Je terminerai mon propos sur les enjeux de souveraineté liés à l’utilisation de cette technologie. En effet, aujourd’hui aucun protocole ne s’est encore imposé. Les blockchains sont des infrastructures d’internet. Des protocoles. Une fois définis, ils serviront de chemin. Alors ne nous laissons pas imposer de modèle venu de l’étranger et qui pourrait nous rendre dépendant. Comme nous l’expliquait Alexandre STACHTCHENKO, de blockchain partner, « il est curieux de voir que la gestion de l’observatoire européen de la blockchain pourrait être confiée à une entreprise américaine qui n’utilise qu’un seul protocole blockchain ». Il est important de prendre du recul pour ne pas se laisser imposer tel ou tel protocole. Il est primordial que l’Etat accompagne et promeuve nos entreprises françaises qui ont le savoir-faire dans ce domaine.

 

Il est tout aussi crucial que l’Etat se pose la question des régimes applicables aux mineurs, indispensables à certains protocoles blockchains. On ne peut pas devenir dépendants de mineurs seulement installés à l’étranger.

Il pourrait même être judicieux que l’Etat et les administrations donnent l’exemple : la blockchain pourrait participer à la construction d’une nouvelle forme d’administration. En effet, la « modalité registre » de la blockchain pourrait être utilisée pour les actes d’état-civil, le cadastre…

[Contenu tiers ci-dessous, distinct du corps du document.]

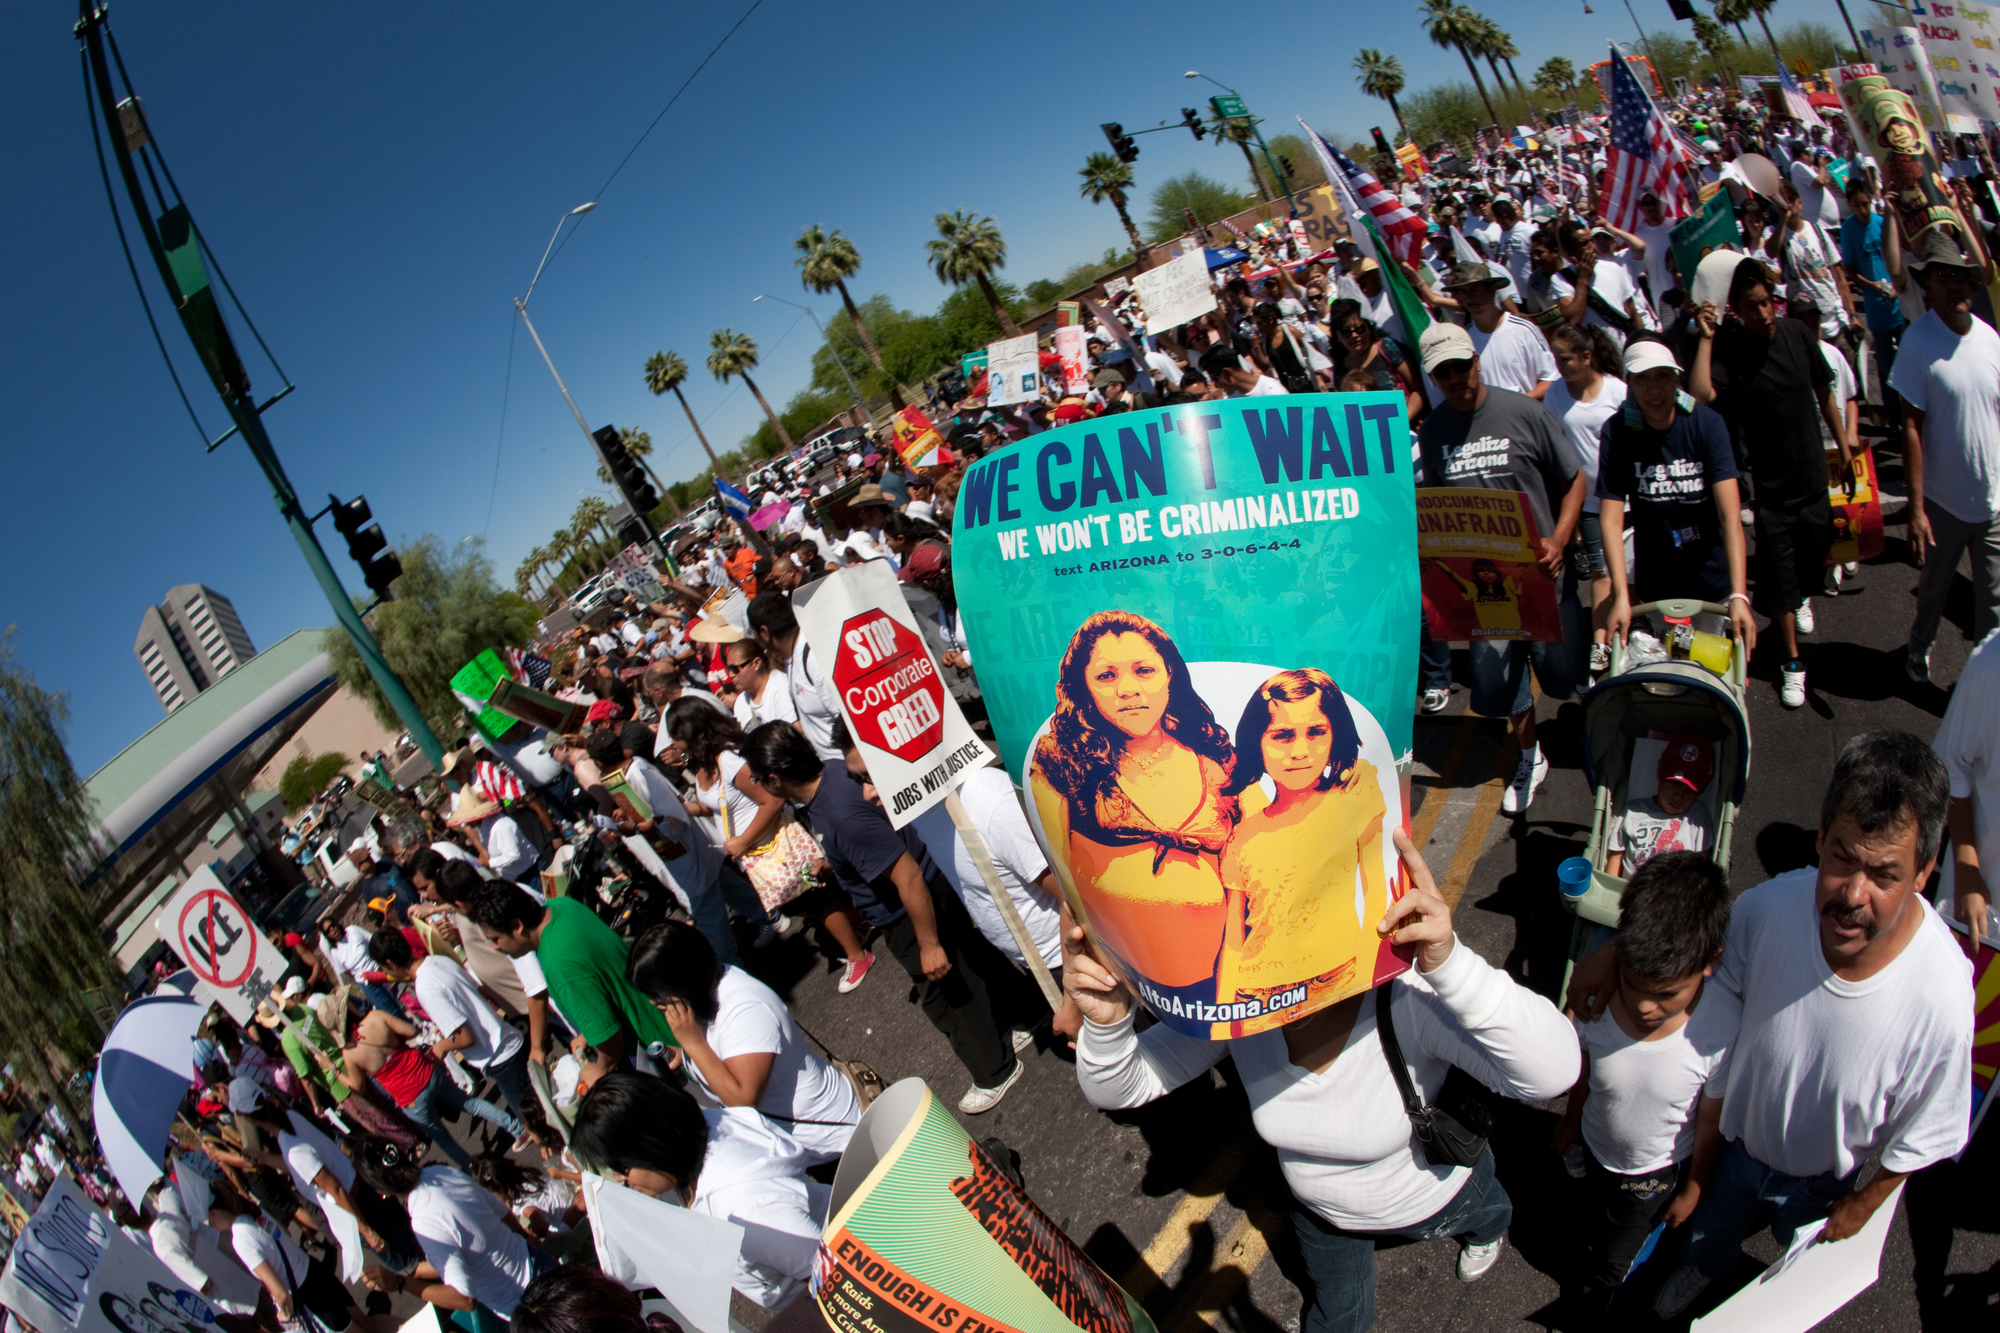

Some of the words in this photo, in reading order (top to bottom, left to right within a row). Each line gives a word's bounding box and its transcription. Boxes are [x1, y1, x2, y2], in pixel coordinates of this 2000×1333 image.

Nous avons un besoin de confiance numérique. Or, la blockchain peut permettre la mise en place d’une telle confiance, notamment de part la traçabilité et la certification que garantit cette technologie.

N’est-il pas temps, maintenant, au-delà de toutes les expériences, d’aller plus loin en transformant l’essai en un modèle économique rentable.

Il nous faut favoriser la transformation digitale des entreprises qui ont saisi les opportunités disruptives de la blockchain et l’appliquent à leurs métiers stratégiques. Il nous faut aussi éduquer et former à ces nouveaux protocoles nos enfants !

Il nous faut saisir ces opportunités : les normes encadrant ces protocoles ne sont pas encore écrites : la France a la possibilité de faire valoir sa vision. Il en va de sa souveraineté.